In 2001, Tesco.com invested in GroceryWorks, a joint venture with the American Safeway Inc. (who had long since sold-off their UK subsidiary and Tesco's former rival, Safeway plc), operating in the United States and Canada. GroceryWorks had stepped into the void left by the collapse of Webvan, but did not expand as fast as initially expected and Tesco sold its stake to Safeway Inc in 2006.

Tesco claimed in its 2005 annual report to be able to serve 98% of the UK population from its 300 participating supermarkets. In the financial year ended 24 February 2007, it recorded online sales up 29.2% to £1.2 billion and profit up 48.5% to £83 million, with over 250,000 orders per week.

Tesco launched its first home shopping catalogue in autumn 2006, as another channel for sales of its non-food ranges. This is integrated with the internet operation, with both channels being branded as "Tesco Direct".

Tesco launched an advertising campaign for its internet phone, marketing the service to customers by offering free calls to all other Tesco internet phone customers.

On 1 October 2006, Tesco announced it would be selling six own-brand budget software packages for under £20 each, including office and security suites, in a partnership with software firm Formjet.

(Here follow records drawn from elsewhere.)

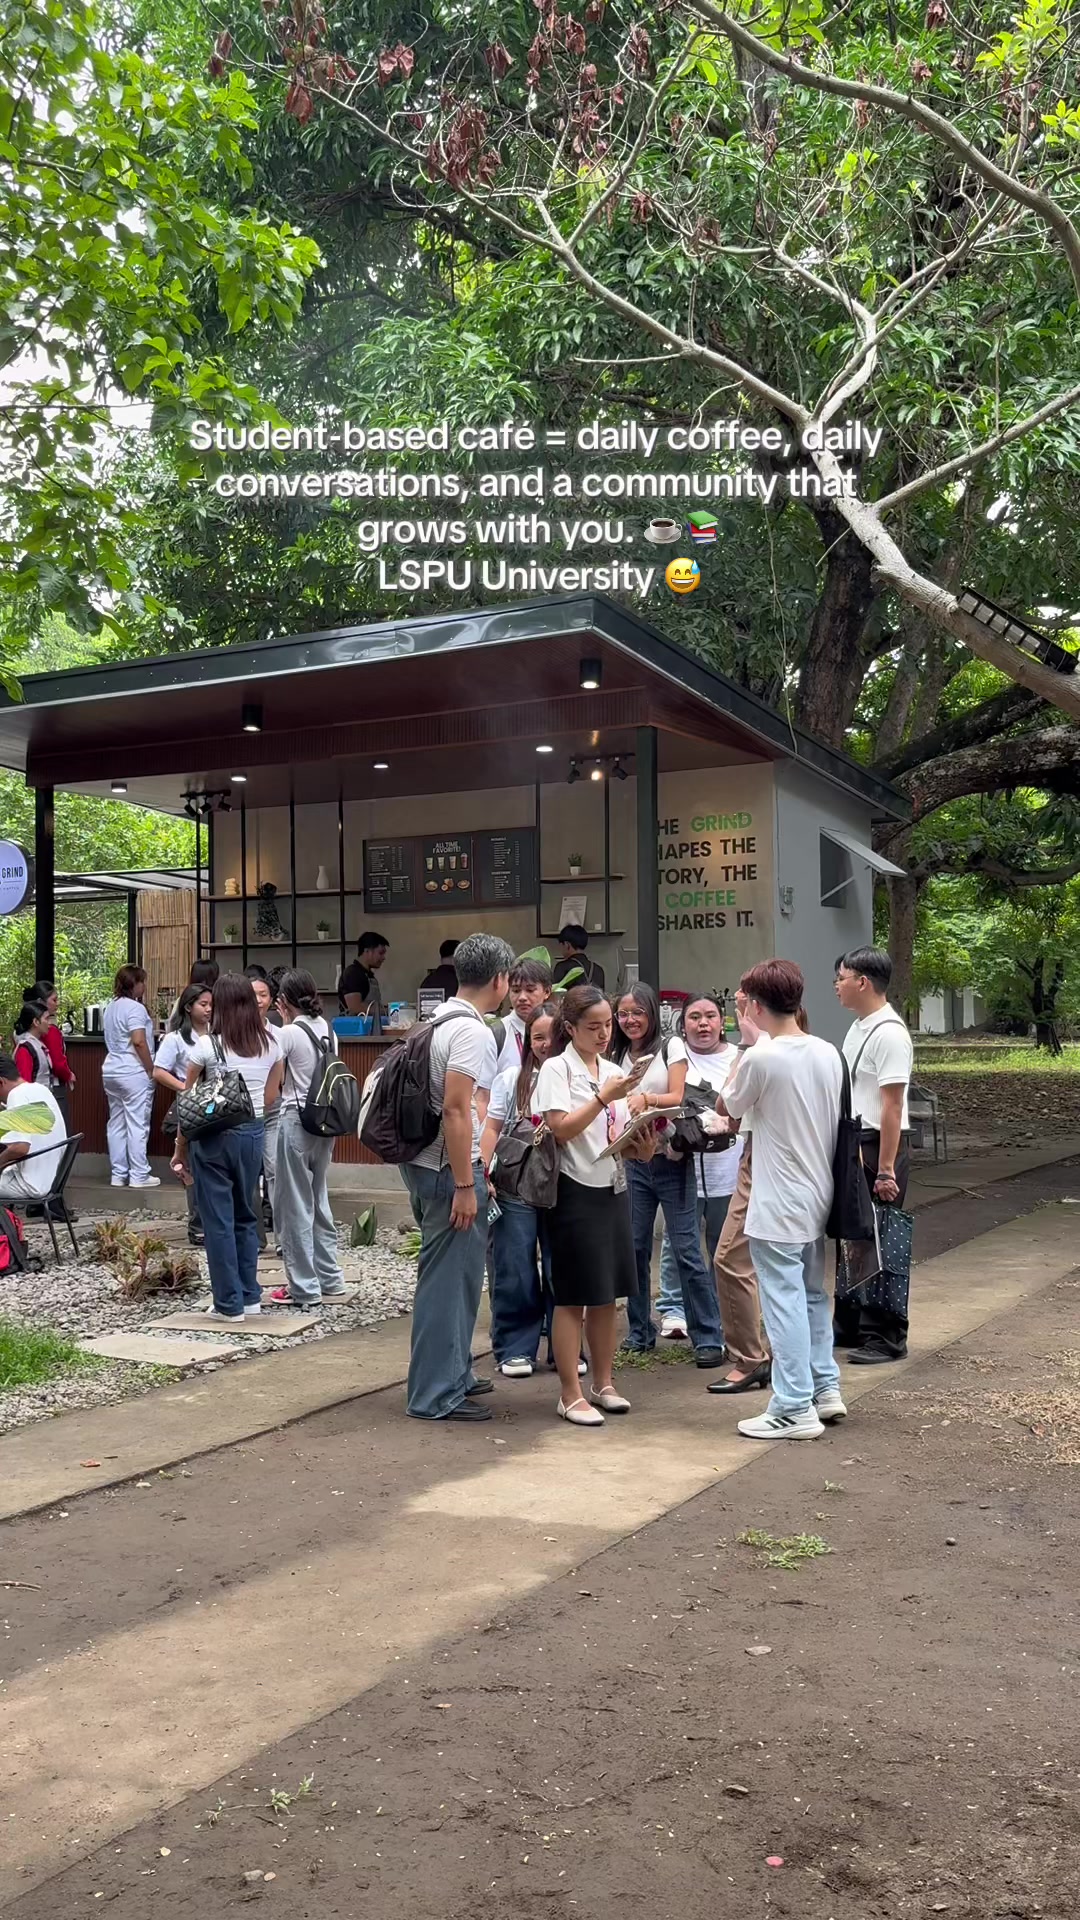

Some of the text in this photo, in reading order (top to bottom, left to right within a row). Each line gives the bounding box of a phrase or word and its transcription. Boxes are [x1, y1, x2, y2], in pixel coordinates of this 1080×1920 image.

[657, 811, 752, 836] HE GRIND
[720, 837, 756, 855] THE
[2, 866, 24, 878] GRIND
[657, 864, 757, 887] TORY, THE
[665, 890, 737, 908] COFFEE
[736, 910, 754, 927] IT.

As Formjet is exclusive distributor for Panda Security and Ability Plus Software, packages from these companies are likely to feature.

In June 2007, Tesco.com became the first home delivery company in UK to provide customers the option of delivering shopping in green boxes without carrier bags in a bid to reduce the amount of carrier bags used as part of Tesco's green commitment. In return for customers going bag free they receive green clubcard points. After trialling a fully bagless delivery service, Tesco stopped using plastic and paper carrier bags for all online orders delivered from 19 August 2019. The only bags used from this date will be for small loose items such as nuts and small fruits which could not be placed loose in a delivery crate, and small bags for meat/fish items which might otherwise prove a hygiene risk.

In July 2009, Tesco became the first supermarket in the world to offer an API. This feature will potentially pave the way for smart appliances such as networked fridges that can automatically order food.

Tesco.com acts as a portal website to its other major on-line business areas: Tesco Grocery, Tesco direct, Clubcard, Bank, Clothing, Wine By The Case, and Tesco Entertainment.

In the 2020s it launched Tesco Whoosh, a same day delivery service that operates out of local Tesco Express stores. It has a minimum basket size of £15 and a flat delivery charge of £2.99 per delivery. The deliveries are outsourced to various food delivery apps. It has been heavily marketed around events such as the World Cup and other sporting events.